Hamilton (1964a,b) argued that cooperation was important in nature, and
that social evolution could be understood in terms of direct gains to the
actor’s own fitness or indirect benefits to the fitness of others who share
the cooperation allele. There followed an intense period of exploring the
indirect effects of cooperation and altruism, reinterpreting sexual selec -
tion and many other phenomena in terms of individual advantage, and
understanding frequency-dependent effects via game theory, efforts that
continue to the present.
The puzzle of cooperation was the dominant theme of research in
the early years, whereas recent work has emphasized its importance and
ubiquity. Far from being a rare trait shown by social insects and a few
others, cooperation is both widespread taxonomically and essential to life.

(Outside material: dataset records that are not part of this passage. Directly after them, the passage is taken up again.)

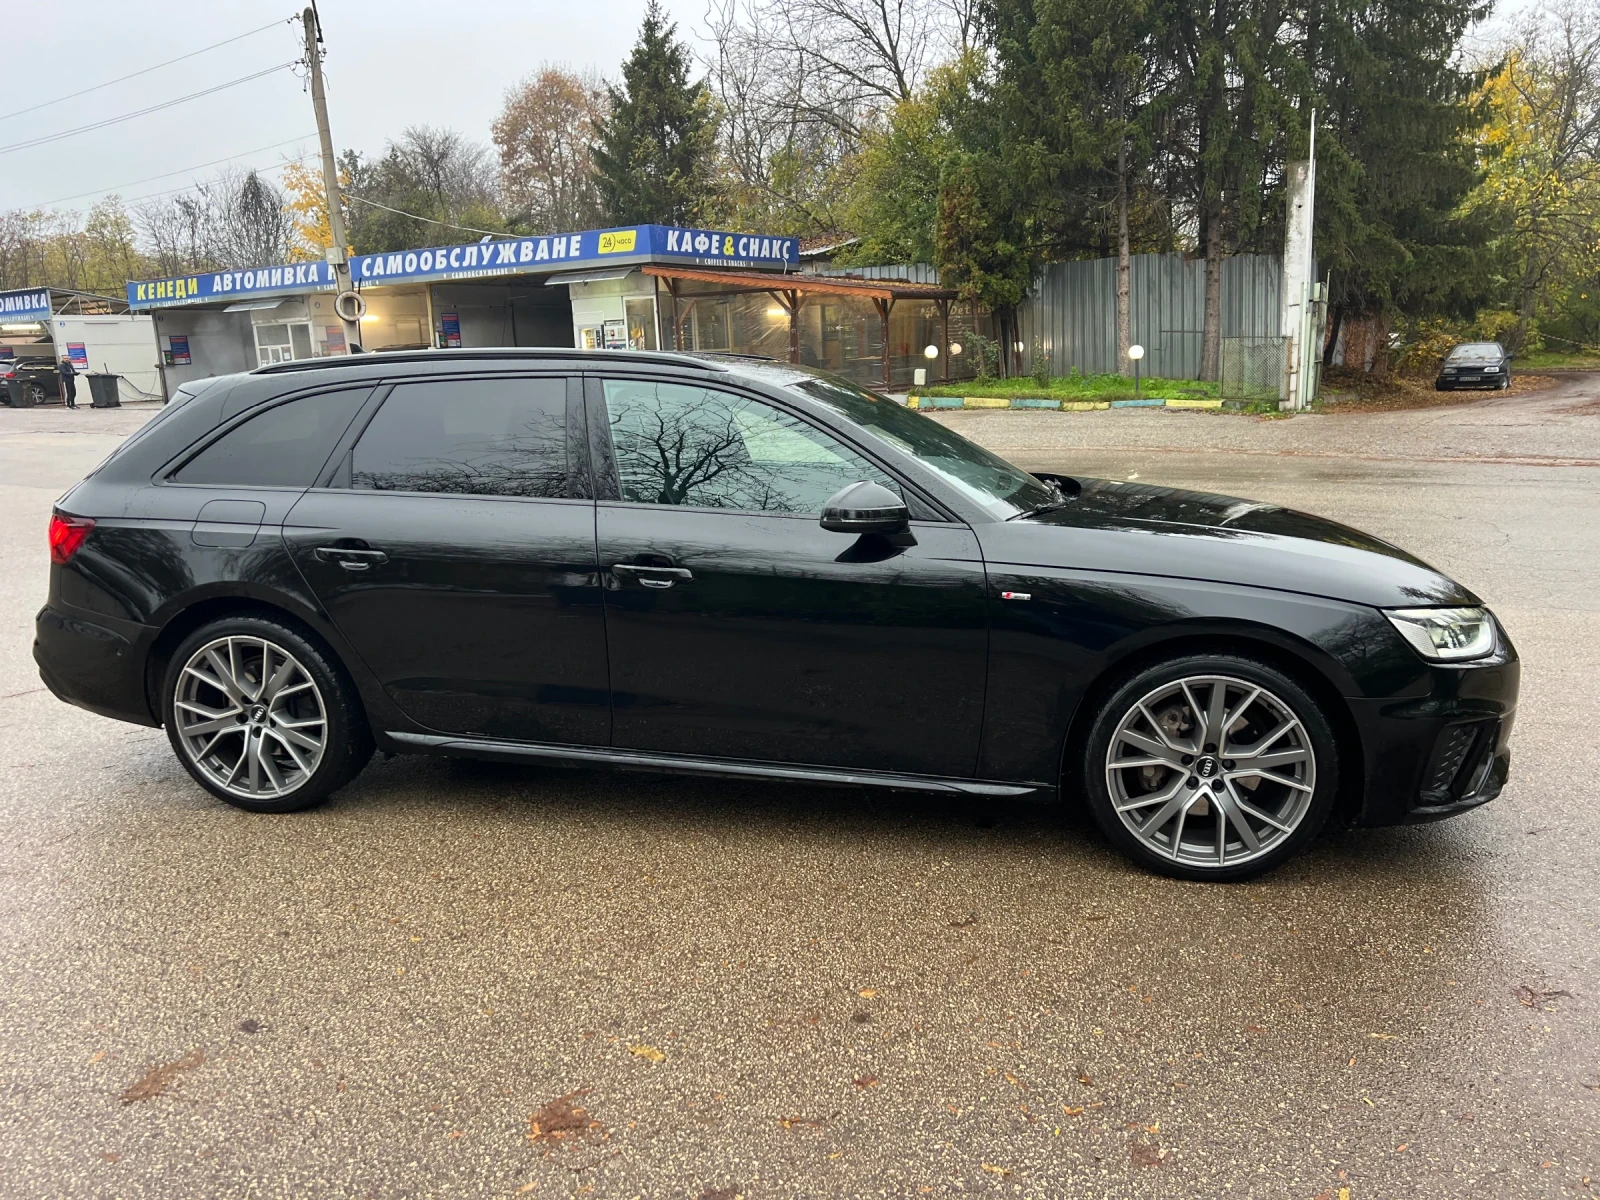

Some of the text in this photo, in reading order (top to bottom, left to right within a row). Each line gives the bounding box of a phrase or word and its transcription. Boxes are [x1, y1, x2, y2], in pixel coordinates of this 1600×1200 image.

[602, 236, 613, 248] 24
[667, 230, 791, 259] КАФЕ & СНАКС
[137, 277, 198, 301] КЕНЕДИ
[213, 264, 319, 292] АВТОМИВКА
[361, 235, 582, 277] САМООБСЛУЖВАНЕ
[451, 267, 508, 279] САМООБСЛУЖВАНЕ
[950, 299, 993, 315] Detils
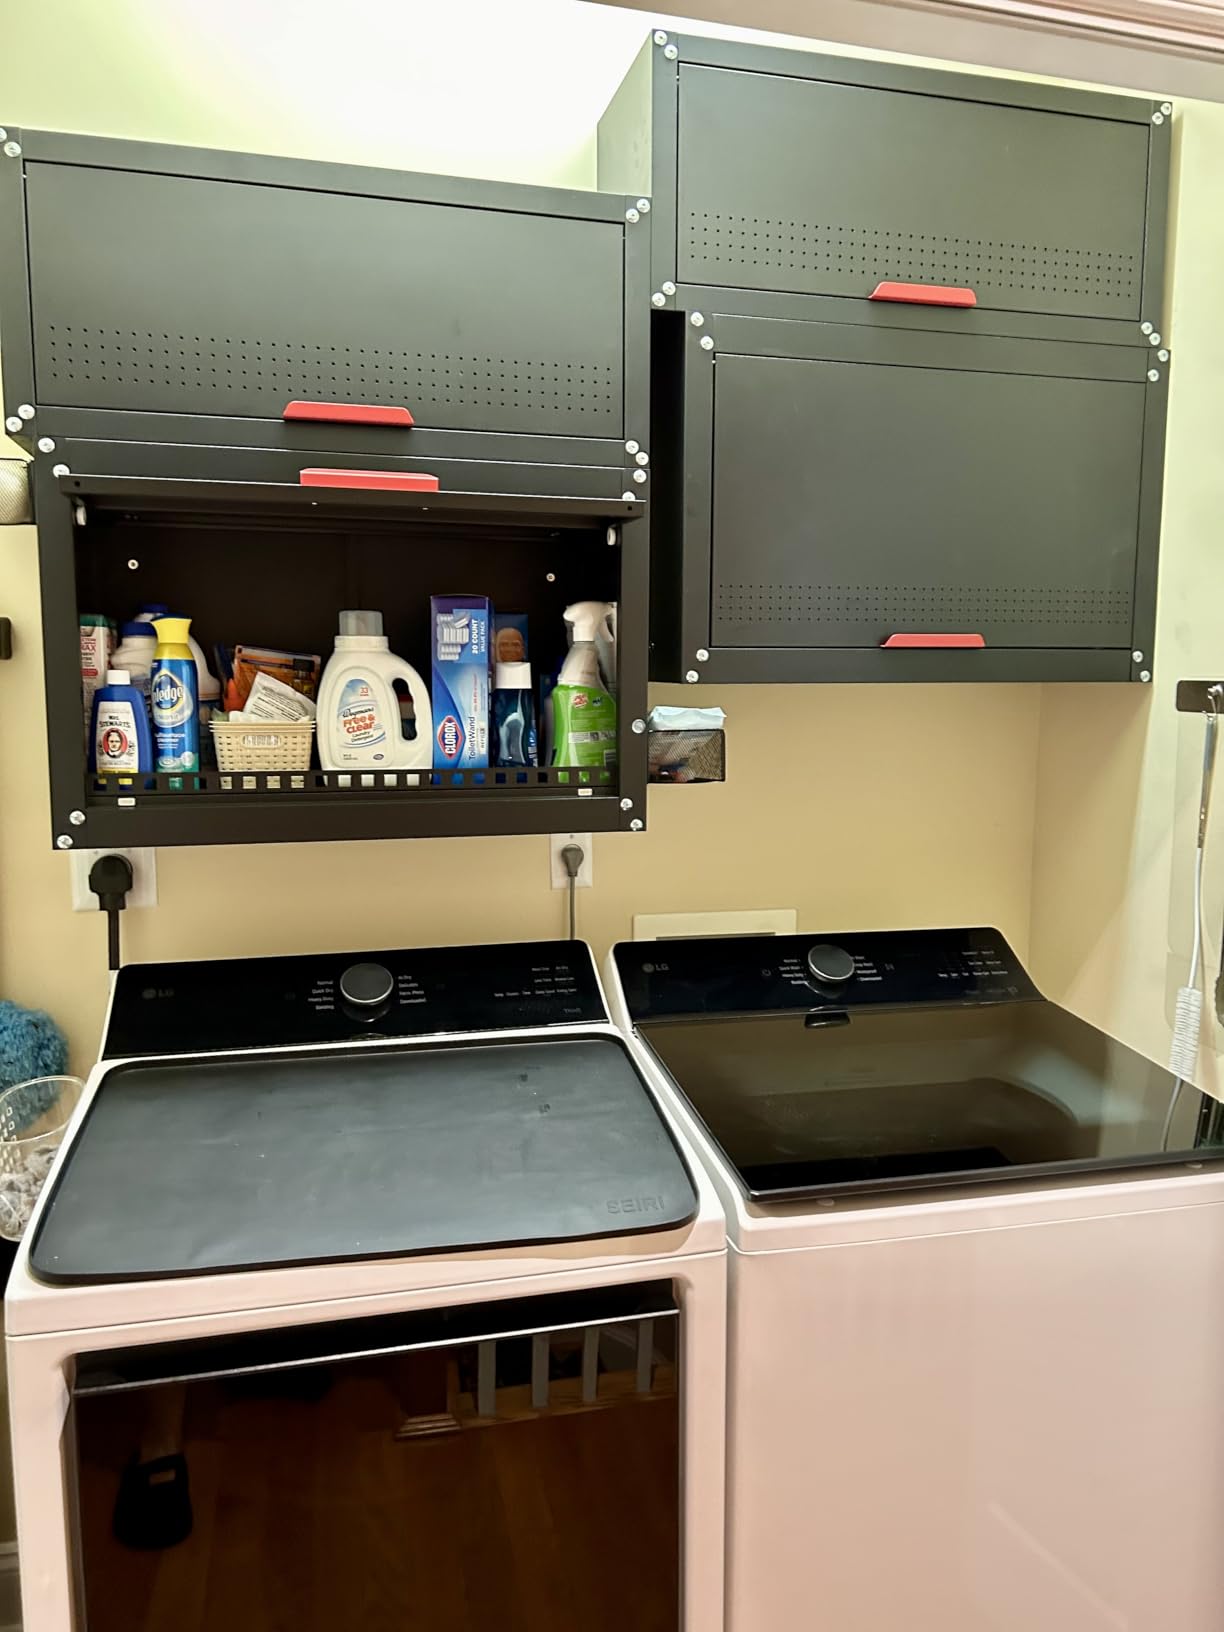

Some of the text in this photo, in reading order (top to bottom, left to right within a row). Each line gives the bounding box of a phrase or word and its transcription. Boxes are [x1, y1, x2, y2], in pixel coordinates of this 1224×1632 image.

[444, 721, 457, 755] CLOROX
[468, 716, 476, 761] ToiletWand
[655, 963, 670, 971] LG
[605, 1195, 665, 1214] SEIRI
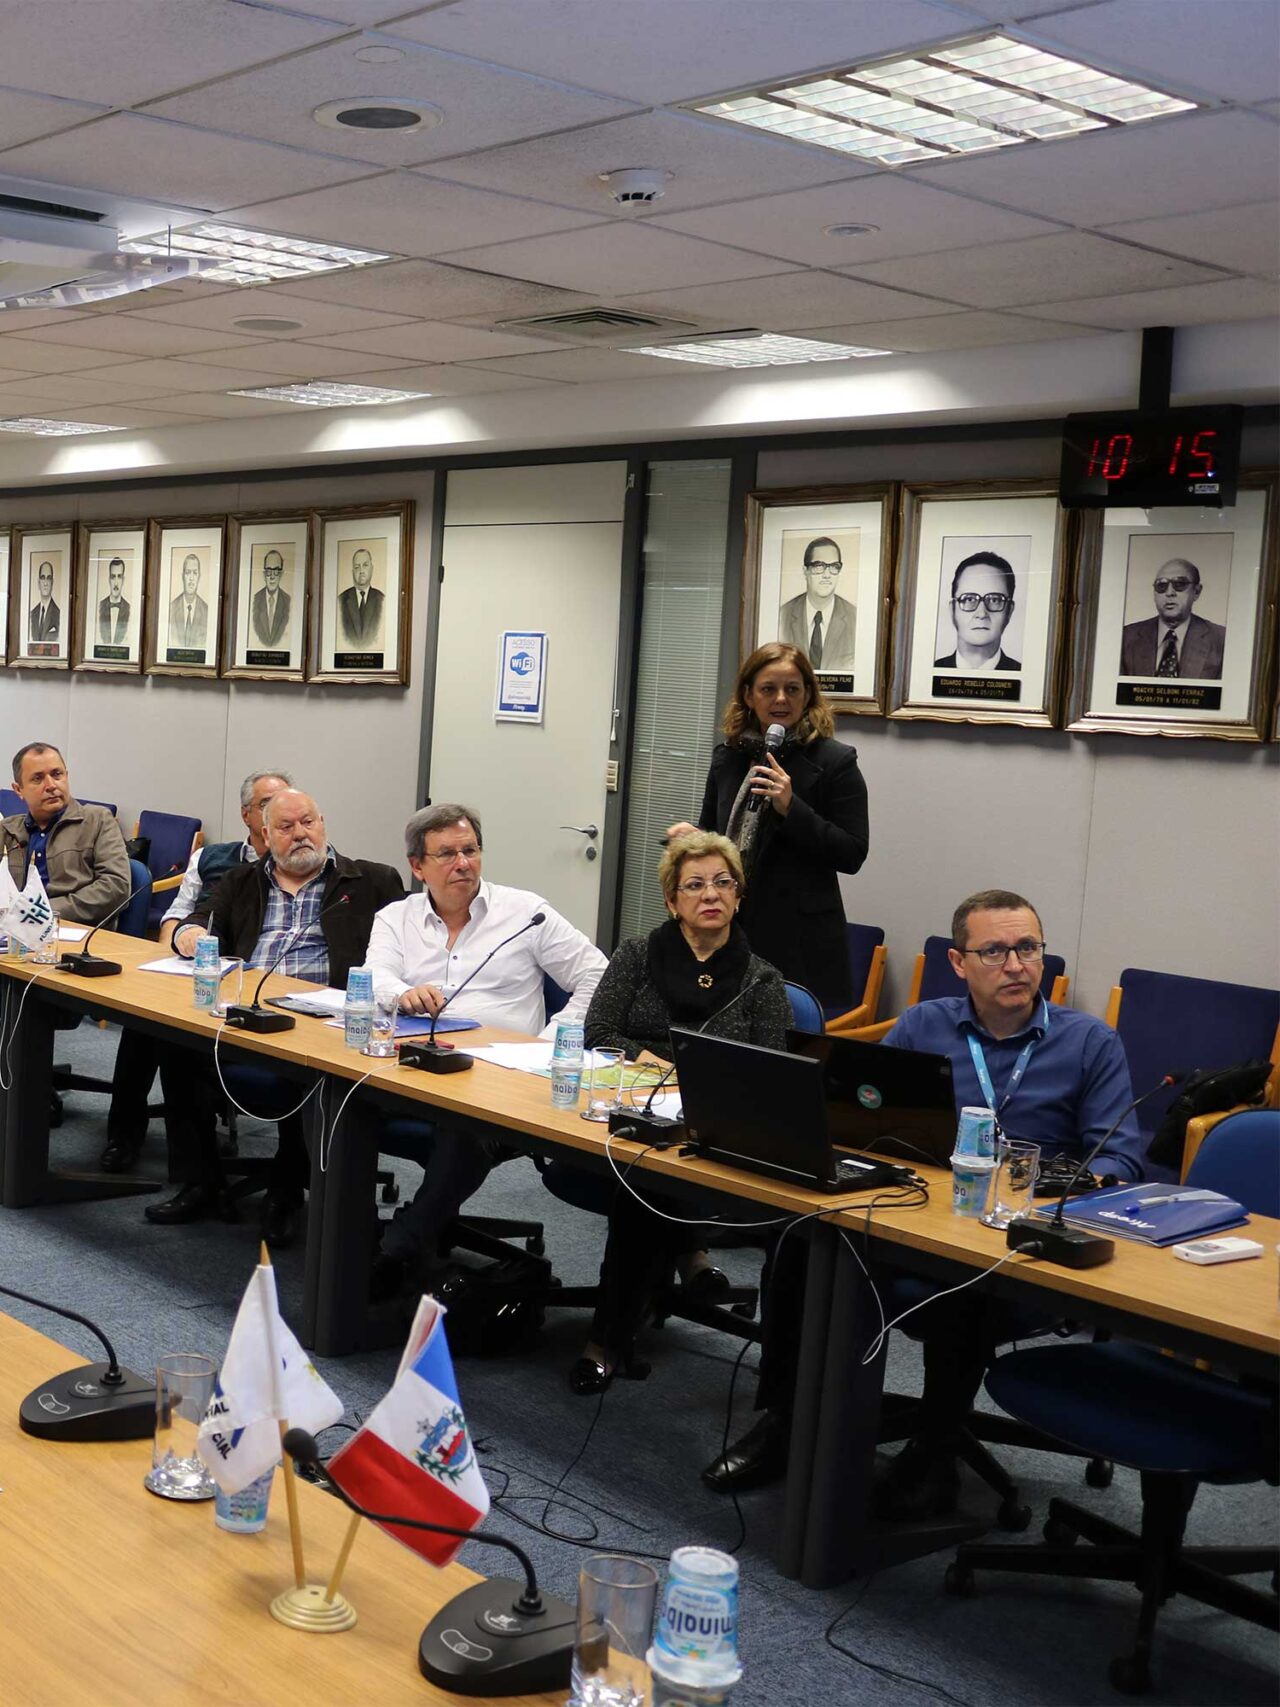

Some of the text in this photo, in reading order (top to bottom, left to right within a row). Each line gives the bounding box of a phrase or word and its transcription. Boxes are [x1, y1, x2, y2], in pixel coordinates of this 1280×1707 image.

[1087, 431, 1217, 480] 10 15
[1182, 688, 1205, 696] FERRAZ
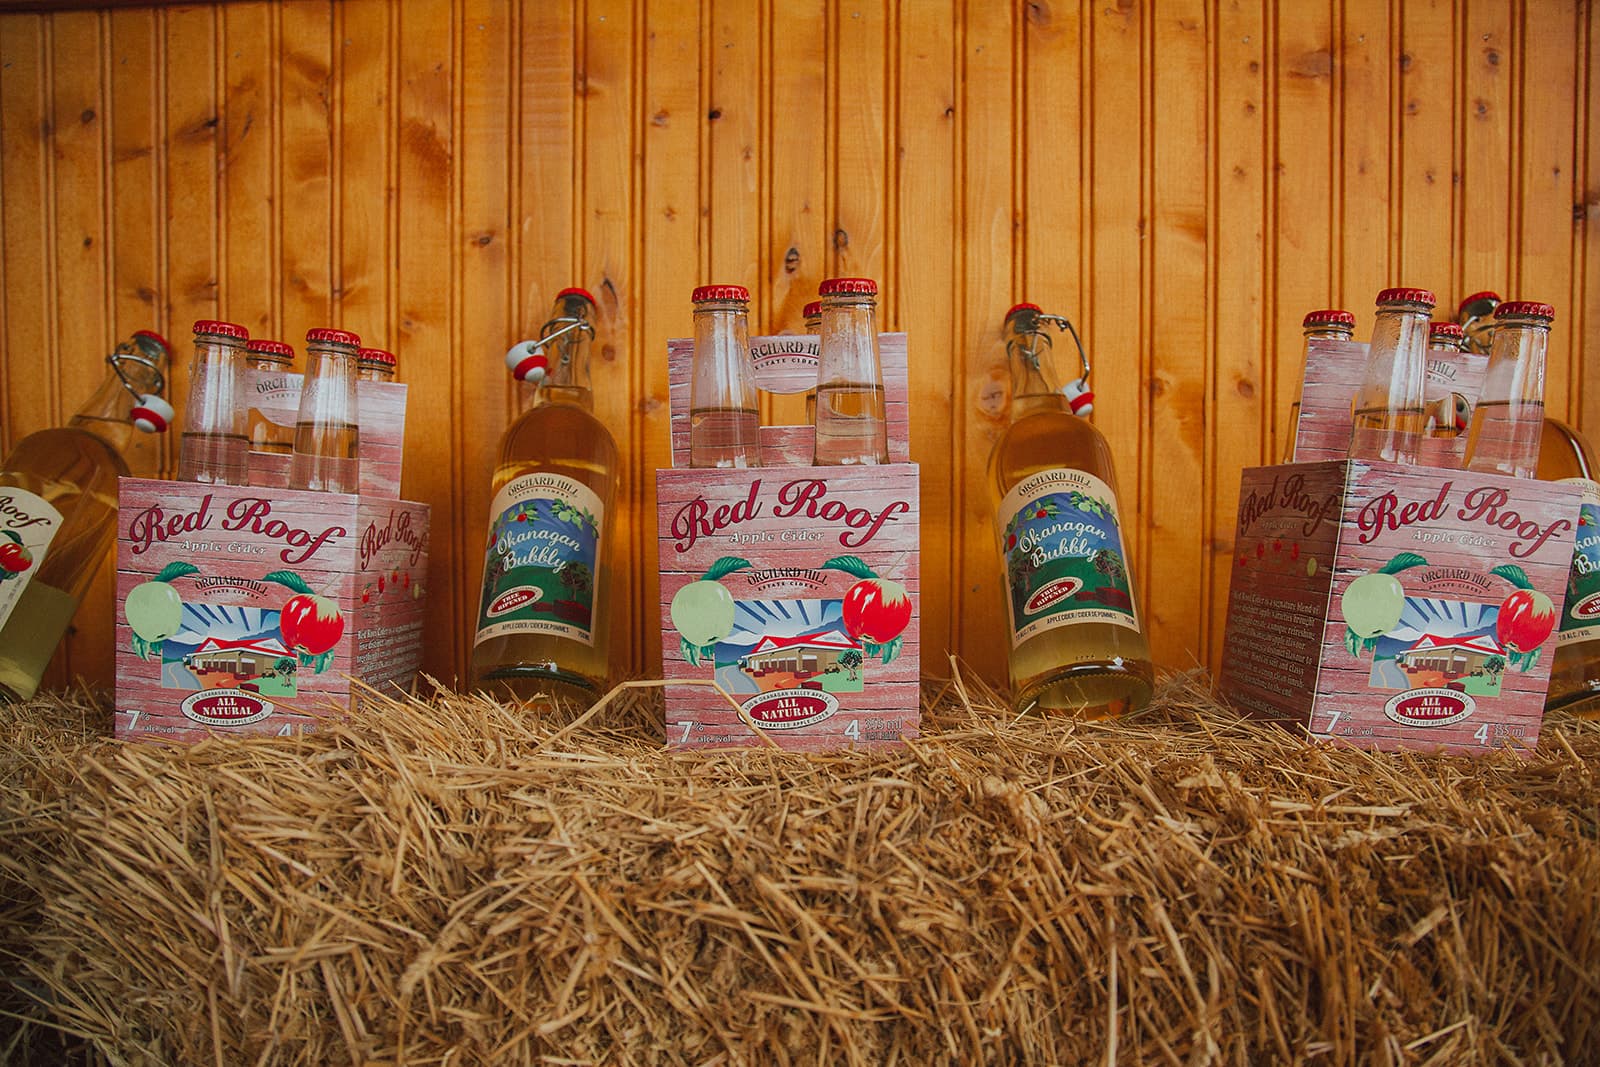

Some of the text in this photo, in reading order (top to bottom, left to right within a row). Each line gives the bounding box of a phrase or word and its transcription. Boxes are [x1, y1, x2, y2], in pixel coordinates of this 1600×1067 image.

Major transitions in the hierarchy of life have often involved cooperation
among lower-level units to the point where they evolve into higher-level
organisms (Buss, 1987; Maynard Smith and Szathmary, 1995). Examples
include the assembly of the eukaryotic cell with its symbiotic organelles,
the evolution of multicellular organisms, and the organismal colonies of
some social insects. Organisms are, at multiple levels, those units that
have evolved to have, within their boundaries, extreme cooperation and
minimal conflict (Queller and Strassmann, 2009; Strassmann and Queller,
2010). The depth of research on cooperation and conflict has increased
greatly, most notably in the direction of small organisms. Microbes turn
out to have highly developed cooperation (West et al., 2007a), and they,
along with other model organisms, have proven instrumental in beginning
to understand sociality at the genetic and molecular levels, the study of
real selfish genes (Santorelli et al., 2008). The social evolution approach has
given us new insights on diseases often caused by microbes (Foster, 2005).
At the other end of the spectrum, we are getting a much better under-
standing of the cooperation and conflict that matter most to our species
(Alexander, 1979). Cooperation has been central to humanity’s spectacular
success and will be central to our short-term and long-term fate.